Unpacking radical empathy (Part 4)

Dear President Trump,

For some reason I didn’t include the phrase “radical empathy” in my letter to you the other day when I told you about Susan Lanzoni’s WP piece about how white people’s failure of empathy significantly contributes to racial bias and racism. I did use it to title several of the letters in my parallel blog, but it was only in the last few days that I started wondering why she prefaced “empathy” with “radical.” When it finally occurred to me to give it some serious thought, my first reaction was to feel sad that such empathy on the part of many white people for black people would be considered radical rather than just an everyday perspective or attitude. And really, it is sad and it sucks; if such empathy were everyday, and not radical, I wouldn’t need to write about it.
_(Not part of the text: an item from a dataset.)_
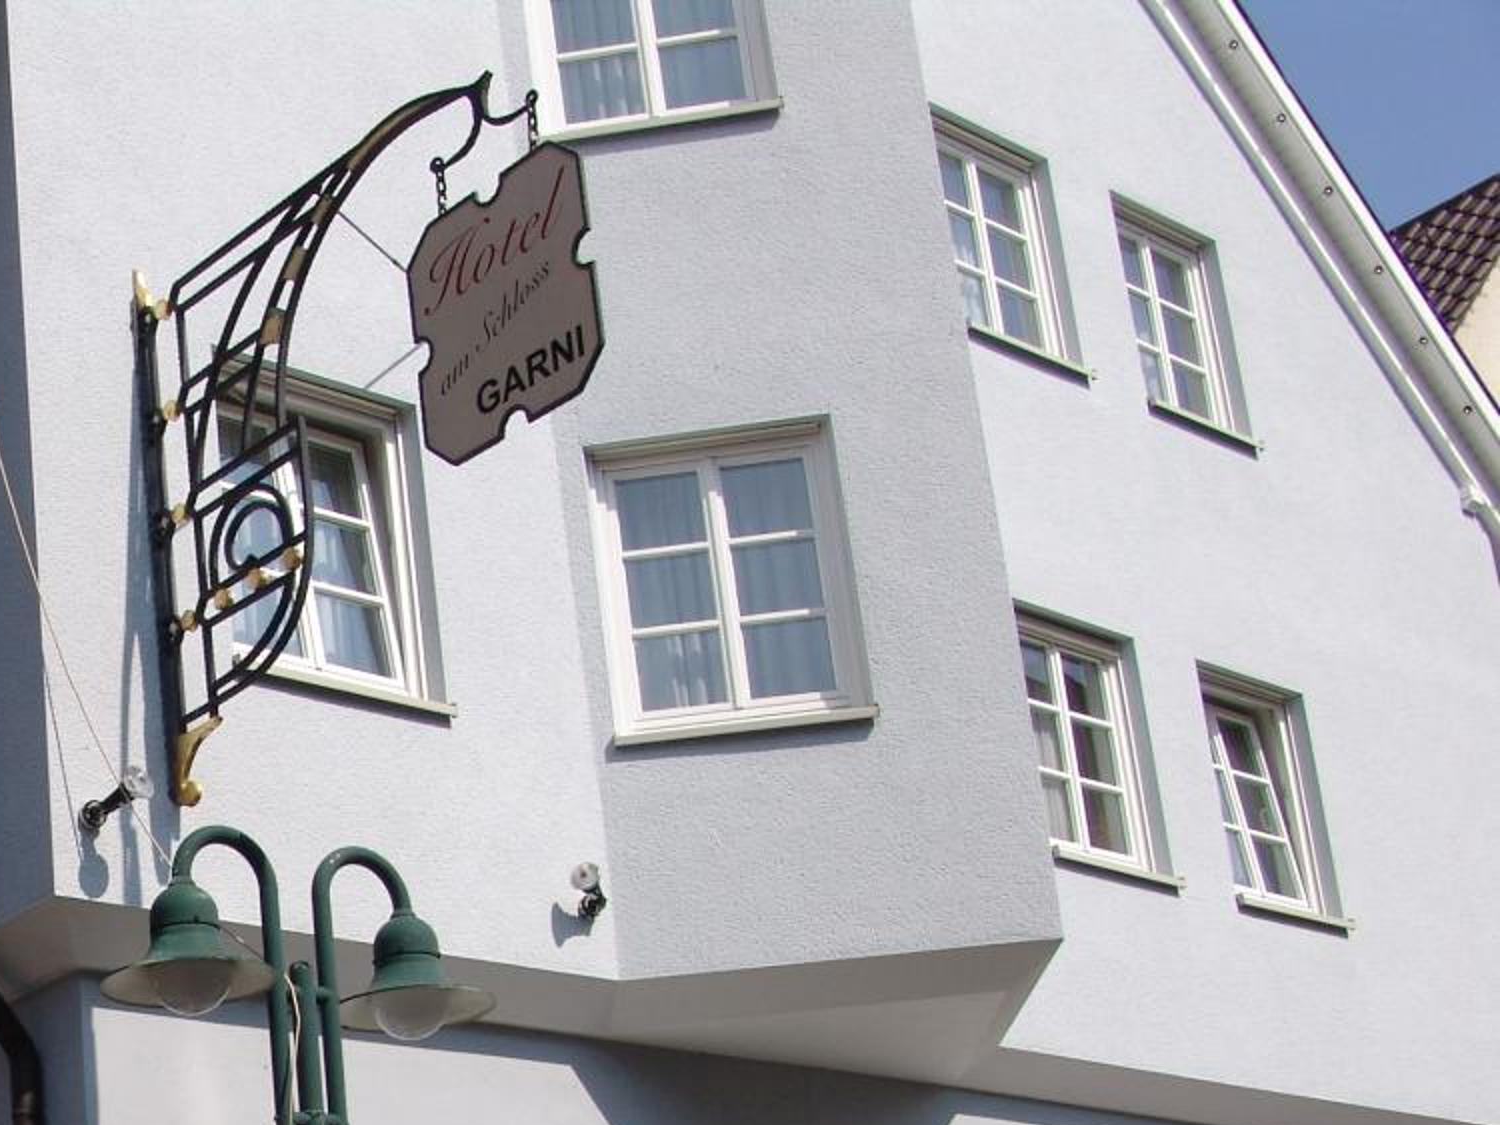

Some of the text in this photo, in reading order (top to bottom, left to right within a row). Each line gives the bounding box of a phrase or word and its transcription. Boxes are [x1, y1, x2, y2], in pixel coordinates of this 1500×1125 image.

[424, 165, 564, 316] Hotel
[440, 262, 549, 396] am Schloss
[476, 325, 585, 414] GARNI
But why is it radical? Here’s what I’ve come to thus far:

1) I think for most mere mortals it’s hard to have empathy for groups of people because groups of people are too abstract and we can’t wrap our hearts around abstractions very well. But, it’s safer to stay focused on groups so it’s radical when we come in close and empathize with an individual, particularly one who is unfamiliar to us and who previously was an anonymous member of a relatively unknown group.

2) In places where people are still very segregated and there are few easy opportunities (because, really, I think most of us like our familiar comfort zones a whole lot so we don’t make much effort) to get to know people of different races, we don’t get practice truly seeing and challenging our preconceptions about one another so when we do, it’s radical.

3) If whites were taught and don’t realize we were taught that black people are less than in various ways, we may be more inclined towards pitying them, which is a look-down-on-the-other attitude, than towards empathizing with them, which is a look-across-attitude. In this context of “othering,” empathy is radical.

4) Among white liberals, in particular, there may be latent (or blatant) attitudes of defensive self-righteousness that blind us to our blindnesses so that if we can muster empathy for blacks, it actually is pretty radical because it means we are starting to recognize that we have a shit-ton of work to do.

May we not rest until everyone is safe.
May we be willing, if not happy, to do the work that needs doing.
May we accept that everyone’s health and wellbeing is inextricably linked.
May we have the courage to make peace with one another.